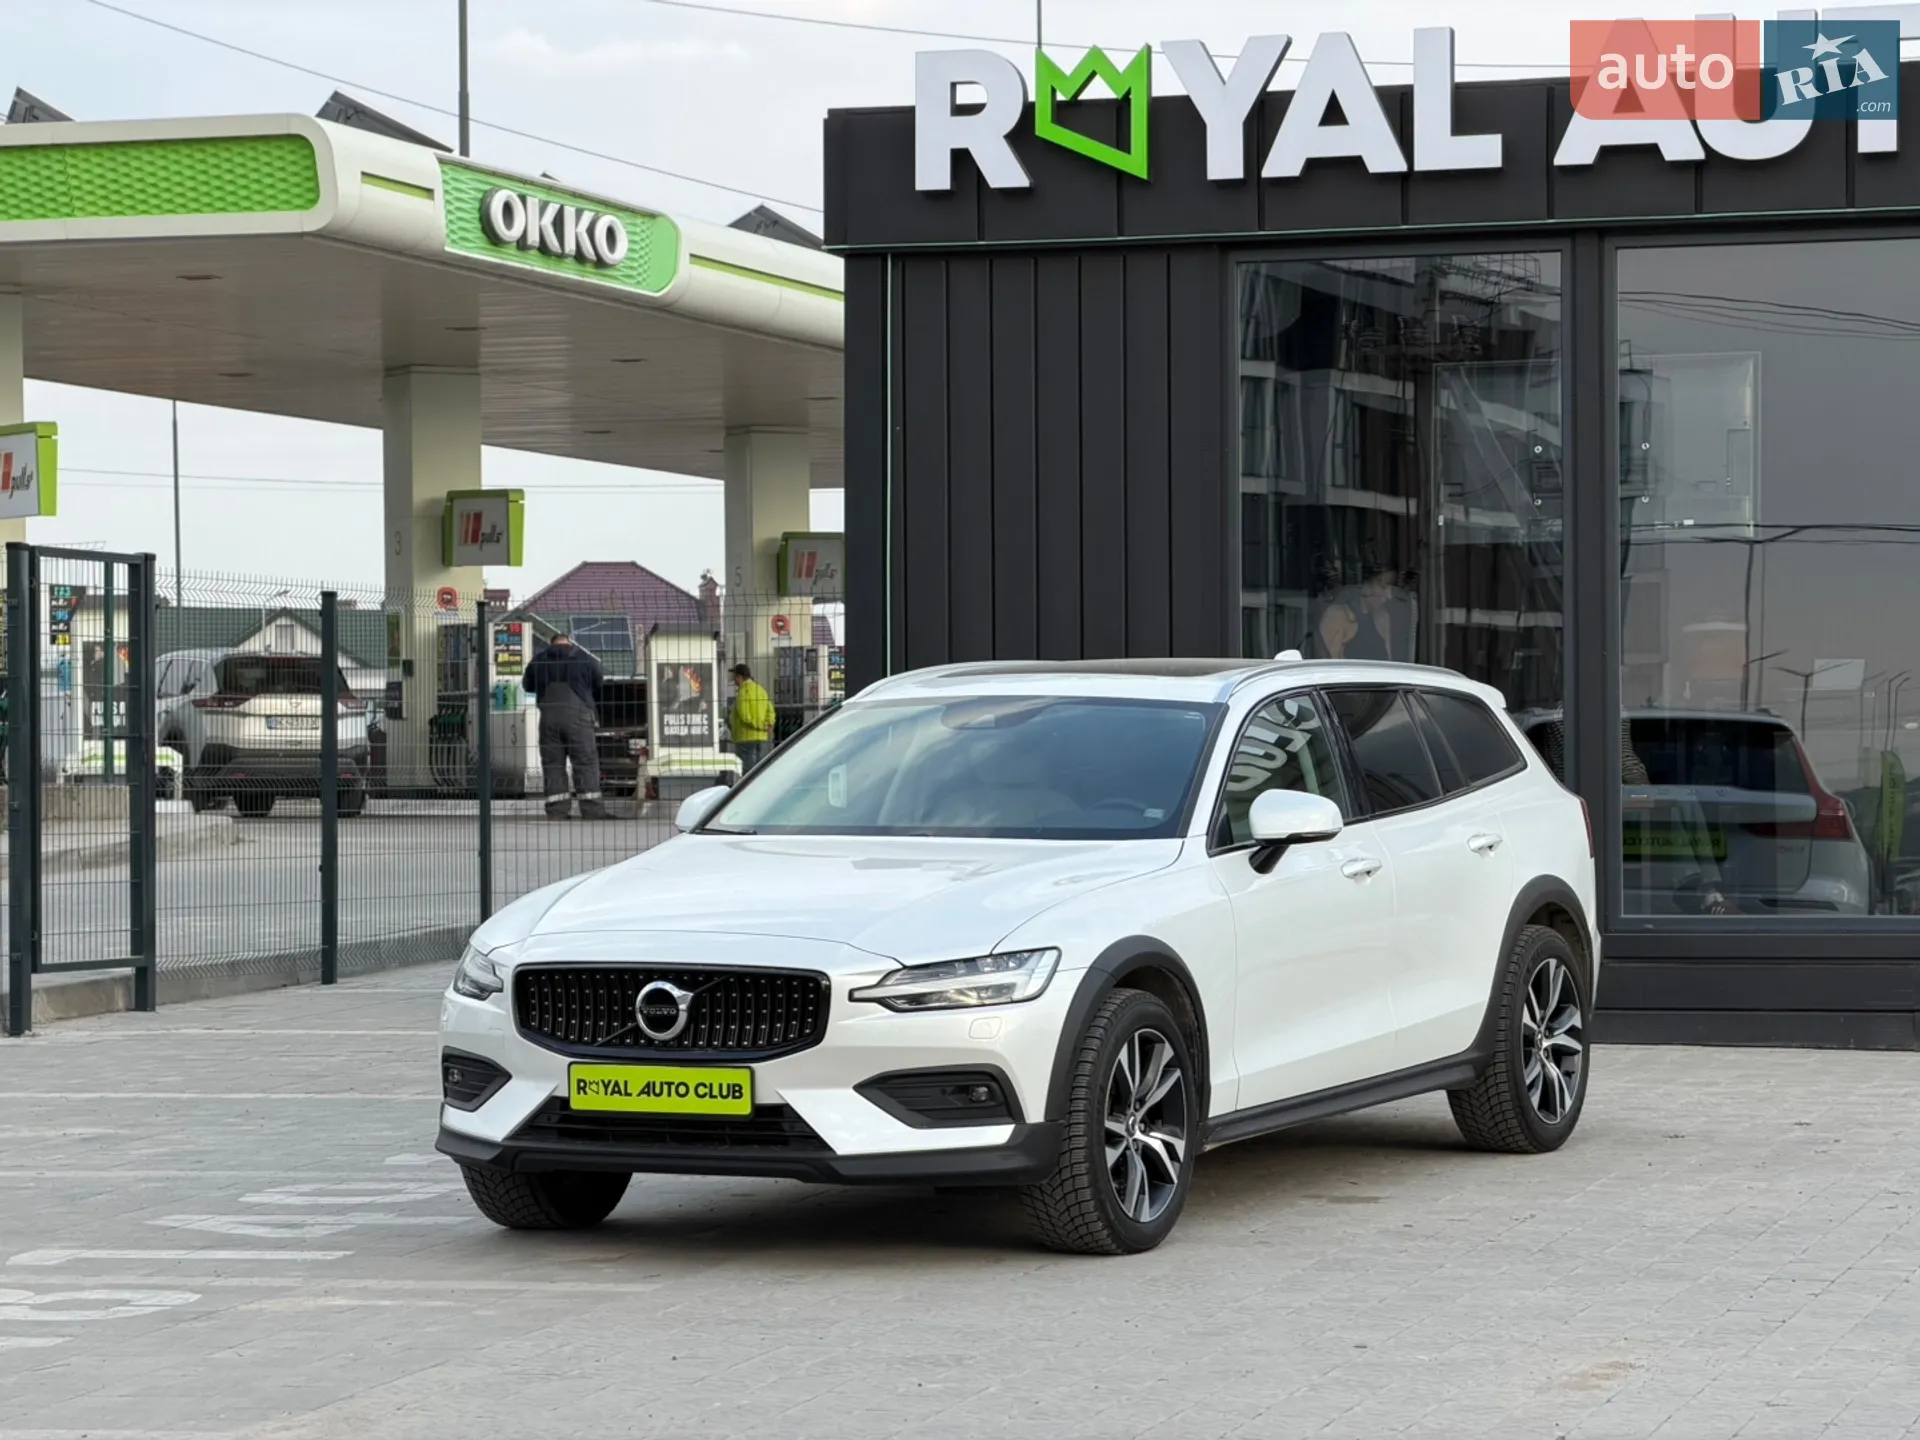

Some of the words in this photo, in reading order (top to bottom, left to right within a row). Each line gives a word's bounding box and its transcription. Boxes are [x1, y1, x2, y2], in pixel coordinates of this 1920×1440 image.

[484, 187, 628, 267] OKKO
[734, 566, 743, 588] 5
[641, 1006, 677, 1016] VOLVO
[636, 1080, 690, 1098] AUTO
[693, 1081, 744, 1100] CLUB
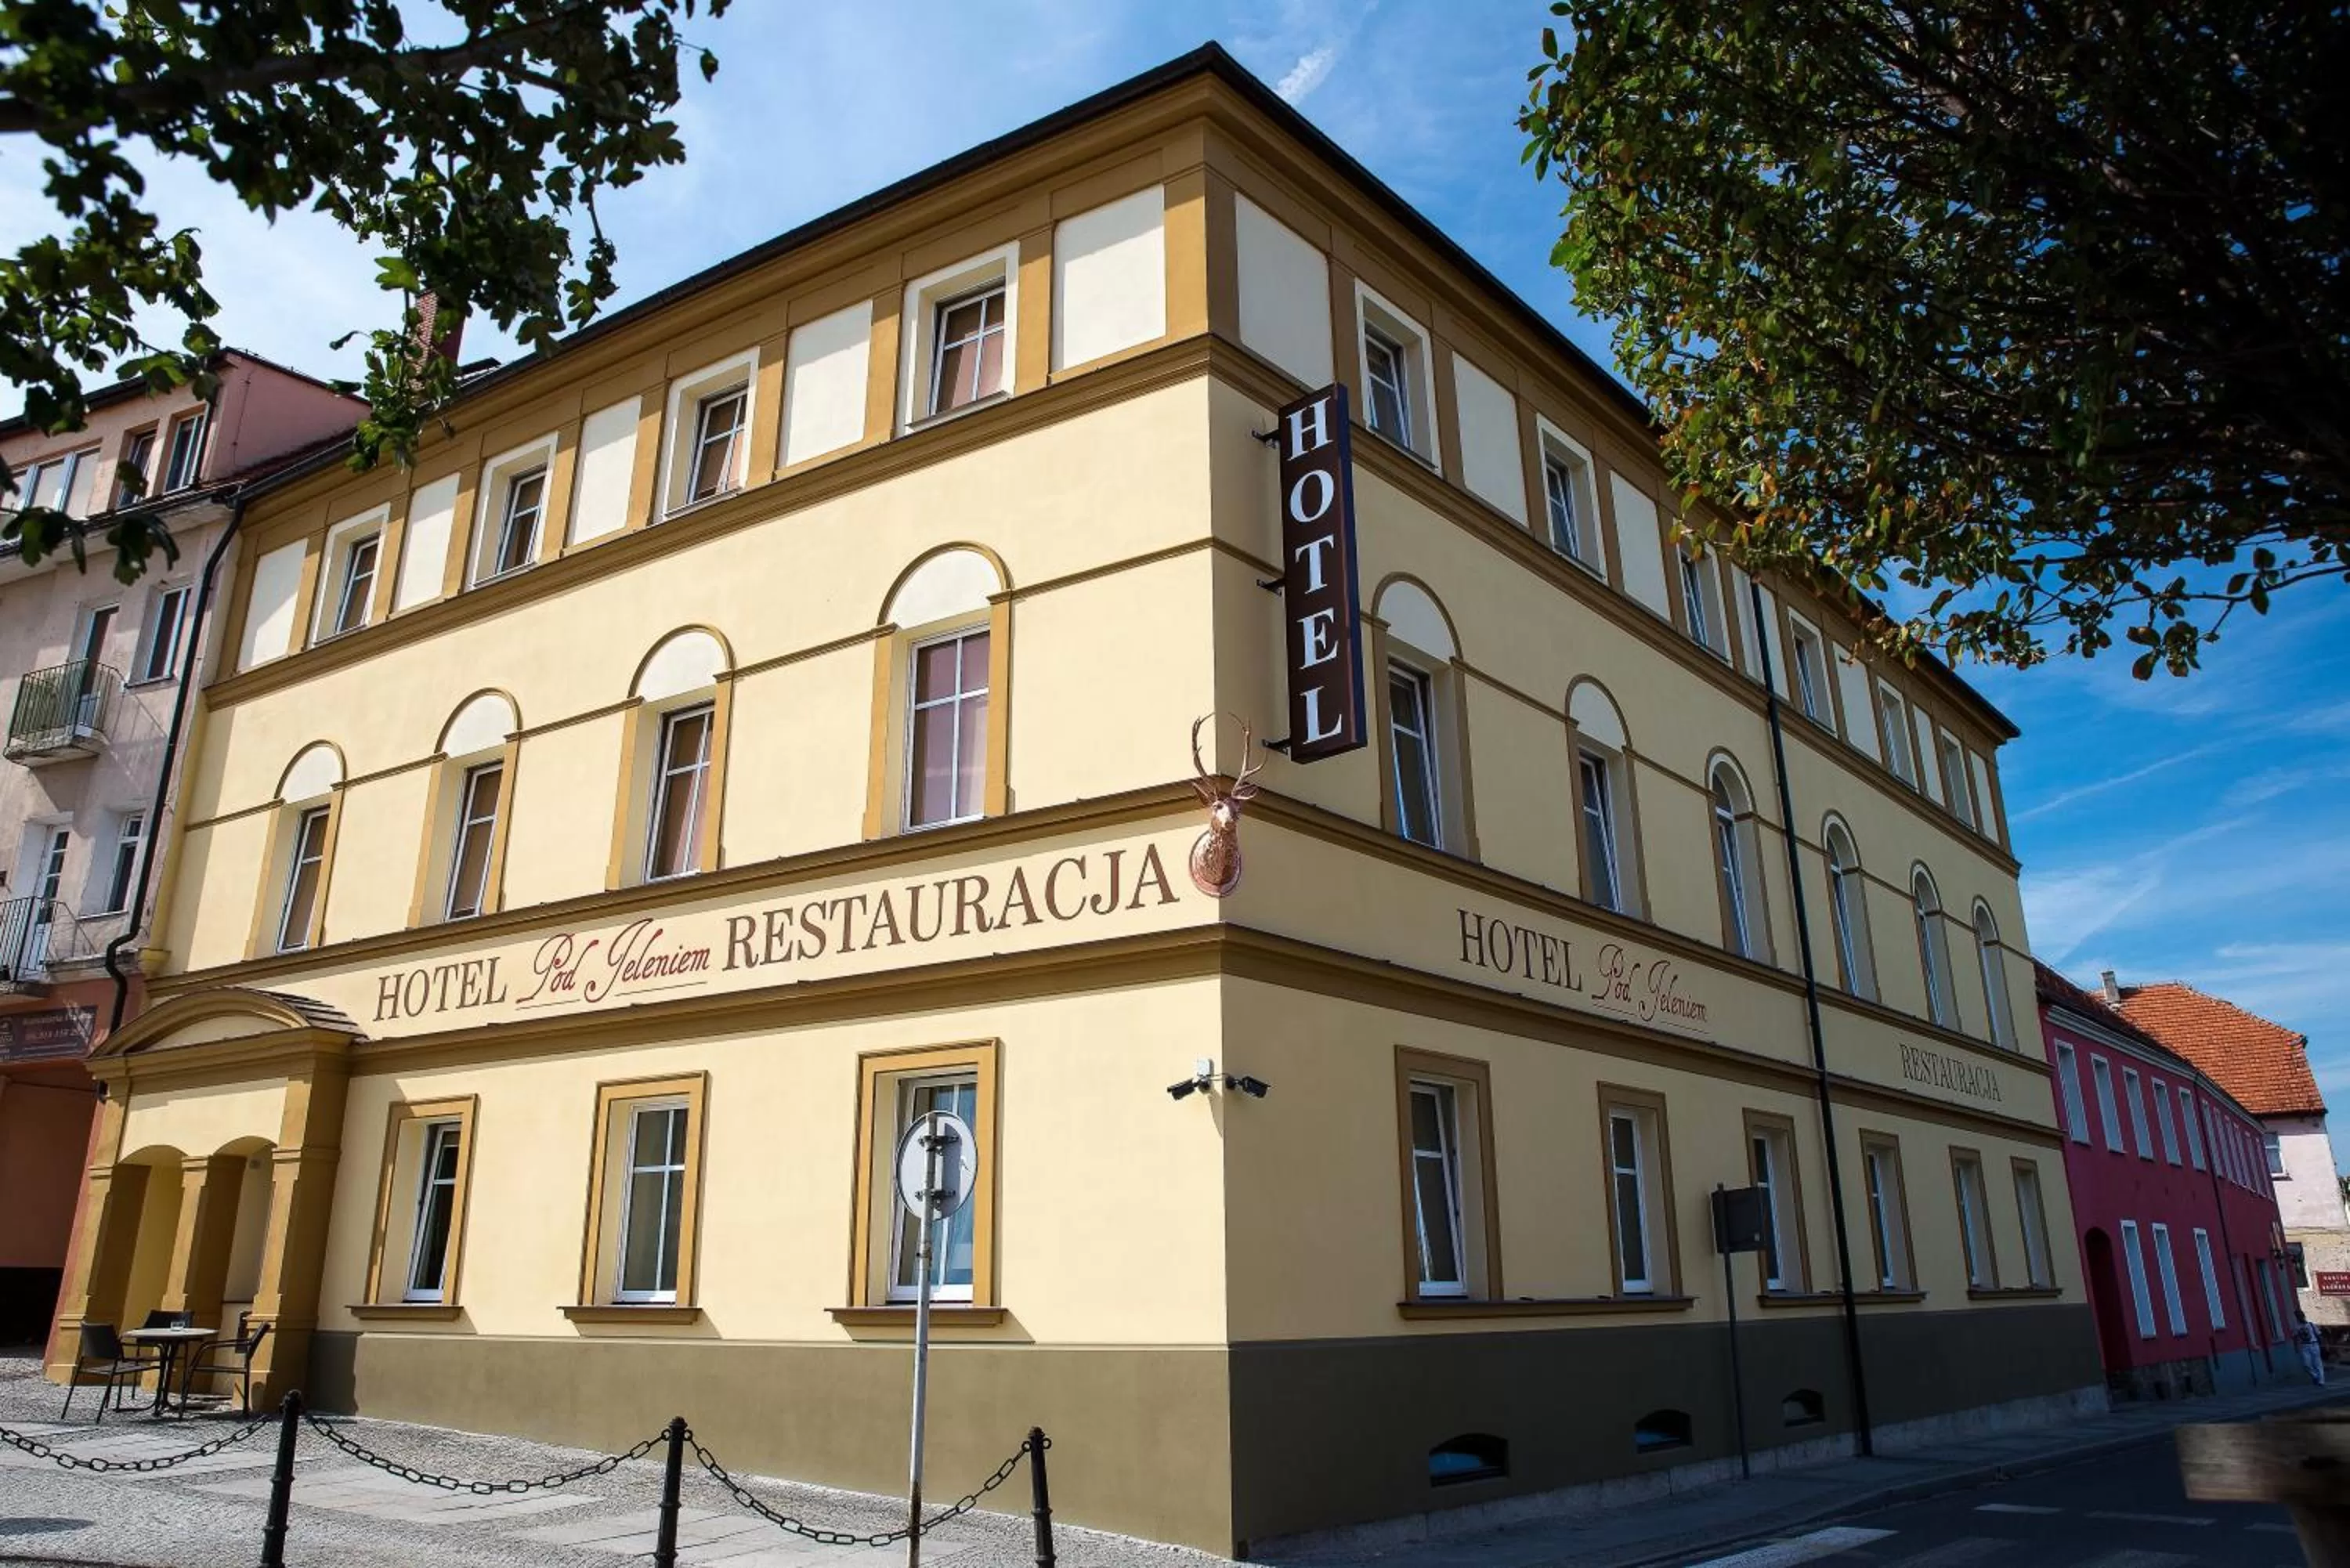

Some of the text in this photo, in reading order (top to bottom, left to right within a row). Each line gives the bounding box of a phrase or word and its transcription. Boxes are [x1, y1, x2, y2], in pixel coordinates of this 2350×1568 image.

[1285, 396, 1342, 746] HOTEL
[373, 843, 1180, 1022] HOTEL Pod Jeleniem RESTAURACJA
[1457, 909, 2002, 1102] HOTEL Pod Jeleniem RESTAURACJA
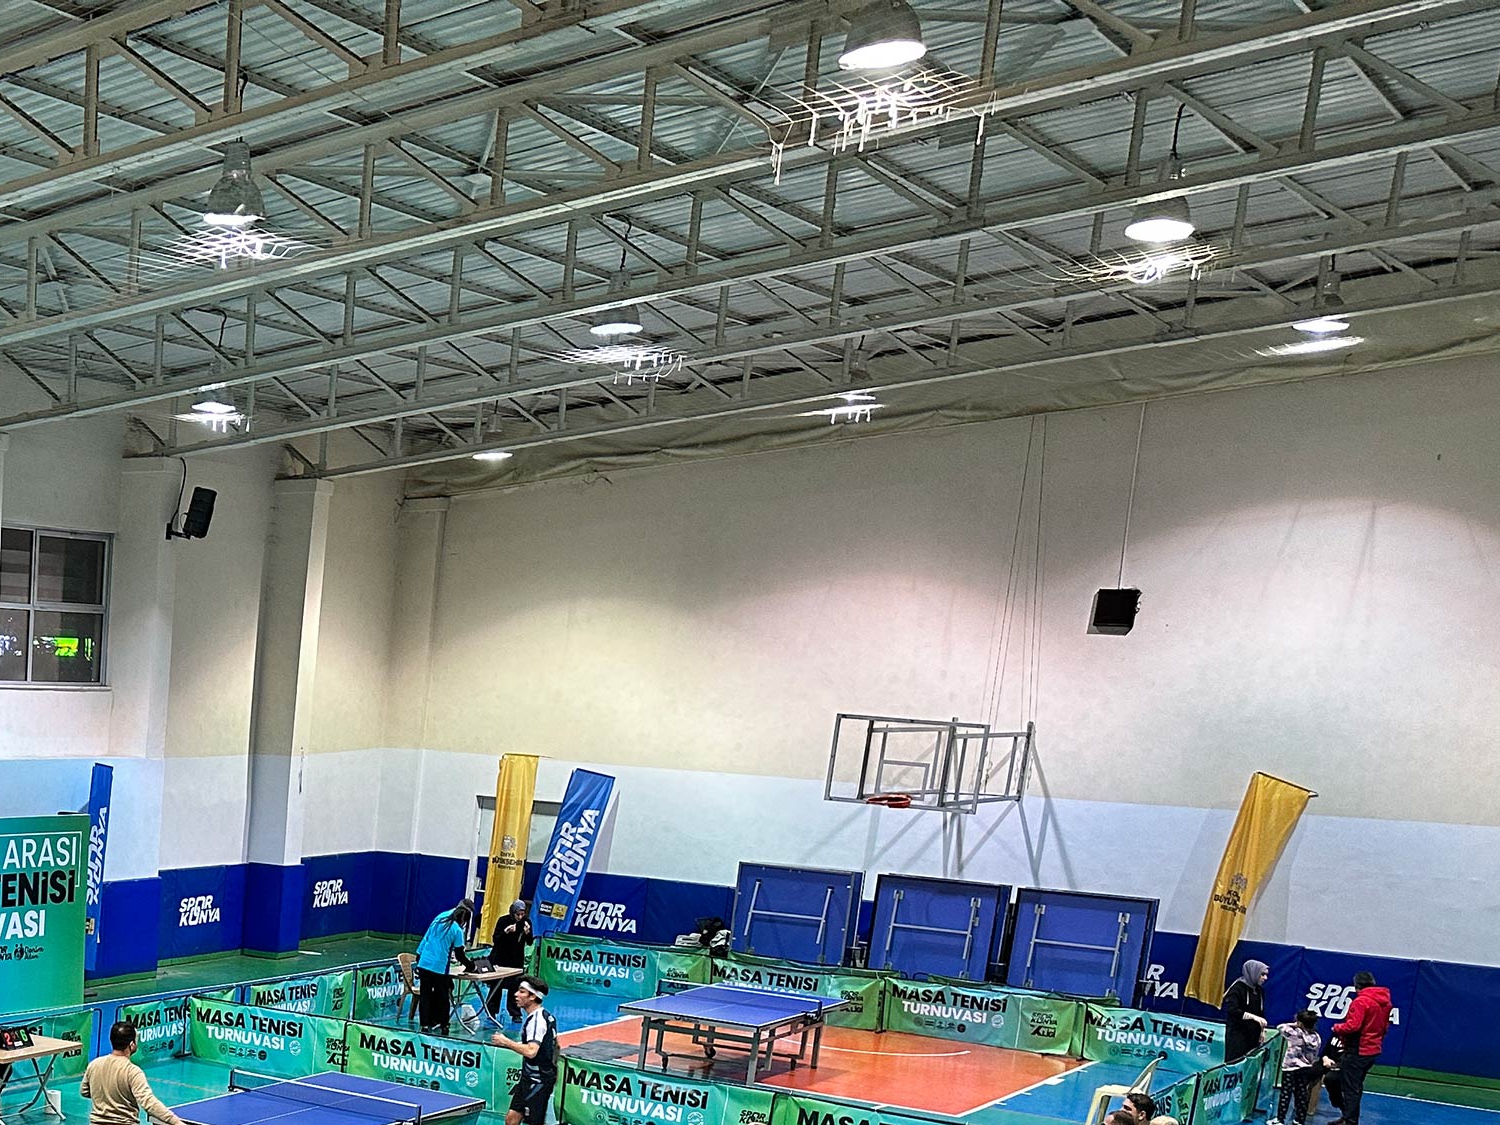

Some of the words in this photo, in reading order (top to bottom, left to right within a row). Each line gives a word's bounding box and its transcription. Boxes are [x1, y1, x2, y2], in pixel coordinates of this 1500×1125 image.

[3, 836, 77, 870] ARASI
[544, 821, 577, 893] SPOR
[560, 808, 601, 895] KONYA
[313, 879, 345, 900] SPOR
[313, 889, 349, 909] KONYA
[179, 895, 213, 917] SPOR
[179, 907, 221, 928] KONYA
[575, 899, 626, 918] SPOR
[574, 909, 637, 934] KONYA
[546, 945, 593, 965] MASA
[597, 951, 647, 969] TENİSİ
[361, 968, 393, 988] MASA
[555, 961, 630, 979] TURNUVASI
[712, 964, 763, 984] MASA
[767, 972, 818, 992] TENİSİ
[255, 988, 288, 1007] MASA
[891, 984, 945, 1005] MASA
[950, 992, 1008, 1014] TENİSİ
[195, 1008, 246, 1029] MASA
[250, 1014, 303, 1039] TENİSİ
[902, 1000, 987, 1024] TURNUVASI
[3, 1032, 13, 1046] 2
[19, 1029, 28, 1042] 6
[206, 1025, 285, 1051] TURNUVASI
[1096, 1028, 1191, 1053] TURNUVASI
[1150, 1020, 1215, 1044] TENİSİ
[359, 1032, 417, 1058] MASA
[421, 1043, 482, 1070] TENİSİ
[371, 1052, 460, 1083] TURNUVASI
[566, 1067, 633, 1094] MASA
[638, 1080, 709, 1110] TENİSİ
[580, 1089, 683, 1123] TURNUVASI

□ □ □ □ □ □ □

### What the exercise asks
Quote each entry above verbatim and drop the pictures.

### Solution below
Some of the words in this photo, in reading order (top to bottom, left to right within a row). Each line gives a word's bounding box and its transcription. Boxes are [x1, y1, x2, y2], in pixel coordinates of this 1920×1440 image.

[484, 187, 628, 267] OKKO
[734, 566, 743, 588] 5
[641, 1006, 677, 1016] VOLVO
[636, 1080, 690, 1098] AUTO
[693, 1081, 744, 1100] CLUB

Some of the text in this photo, in reading order (top to bottom, left to right within a row). Each line gives the bounding box of a phrase or word and its transcription. Boxes are [x1, y1, x2, y2], in pixel coordinates of this 2350×1568 image.

[1285, 396, 1342, 746] HOTEL
[373, 843, 1180, 1022] HOTEL Pod Jeleniem RESTAURACJA
[1457, 909, 2002, 1102] HOTEL Pod Jeleniem RESTAURACJA

Some of the words in this photo, in reading order (top to bottom, left to right within a row). Each line gives a word's bounding box and its transcription. Boxes are [x1, y1, x2, y2], in pixel coordinates of this 1500×1125 image.

[3, 836, 77, 870] ARASI
[544, 821, 577, 893] SPOR
[560, 808, 601, 895] KONYA
[313, 879, 345, 900] SPOR
[313, 889, 349, 909] KONYA
[179, 895, 213, 917] SPOR
[179, 907, 221, 928] KONYA
[575, 899, 626, 918] SPOR
[574, 909, 637, 934] KONYA
[546, 945, 593, 965] MASA
[597, 951, 647, 969] TENİSİ
[361, 968, 393, 988] MASA
[555, 961, 630, 979] TURNUVASI
[712, 964, 763, 984] MASA
[767, 972, 818, 992] TENİSİ
[255, 988, 288, 1007] MASA
[891, 984, 945, 1005] MASA
[950, 992, 1008, 1014] TENİSİ
[195, 1008, 246, 1029] MASA
[250, 1014, 303, 1039] TENİSİ
[902, 1000, 987, 1024] TURNUVASI
[3, 1032, 13, 1046] 2
[19, 1029, 28, 1042] 6
[206, 1025, 285, 1051] TURNUVASI
[1096, 1028, 1191, 1053] TURNUVASI
[1150, 1020, 1215, 1044] TENİSİ
[359, 1032, 417, 1058] MASA
[421, 1043, 482, 1070] TENİSİ
[371, 1052, 460, 1083] TURNUVASI
[566, 1067, 633, 1094] MASA
[638, 1080, 709, 1110] TENİSİ
[580, 1089, 683, 1123] TURNUVASI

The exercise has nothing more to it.